[EXERCISE INPUTS Boundary: Start]
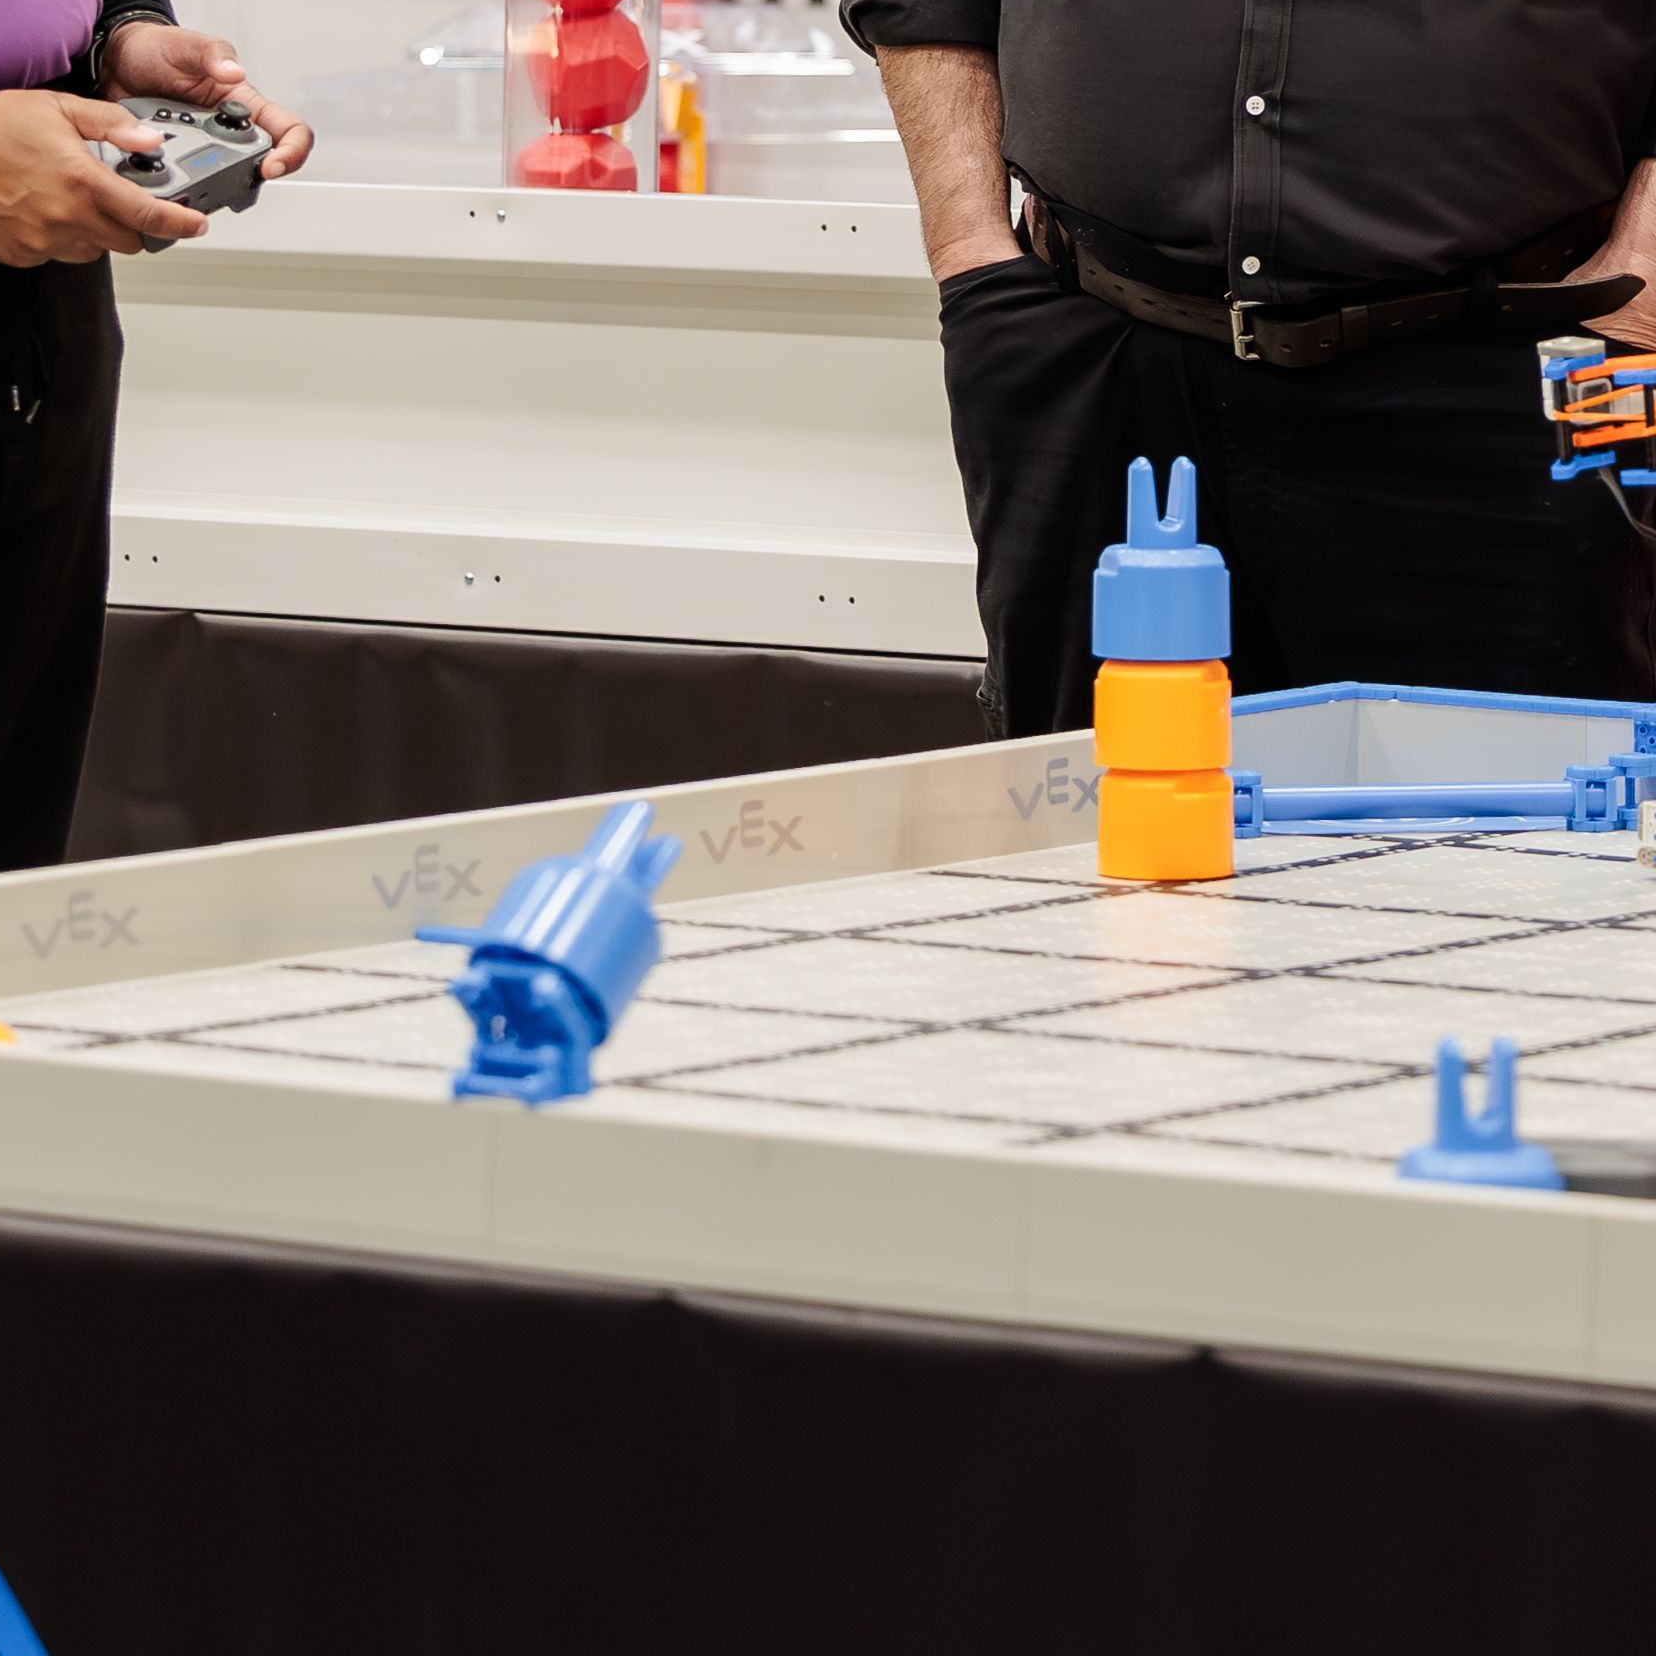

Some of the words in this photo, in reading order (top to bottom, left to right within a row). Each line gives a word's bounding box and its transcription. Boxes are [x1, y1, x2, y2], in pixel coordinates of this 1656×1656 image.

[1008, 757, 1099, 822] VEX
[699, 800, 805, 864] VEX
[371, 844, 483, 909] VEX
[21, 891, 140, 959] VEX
[EXERCISE INPUTS Boundary: End]
◆ **EXERCISE BRIEF**
Drop the images, then copy the data exactly.

◆ **ANSWER BOX**
Some of the words in this photo, in reading order (top to bottom, left to right within a row). Each line gives a word's bounding box and its transcription. Boxes are [x1, y1, x2, y2], in pixel coordinates of this 1656×1656 image.

[1008, 757, 1099, 822] VEX
[699, 800, 805, 864] VEX
[371, 844, 483, 909] VEX
[21, 891, 140, 959] VEX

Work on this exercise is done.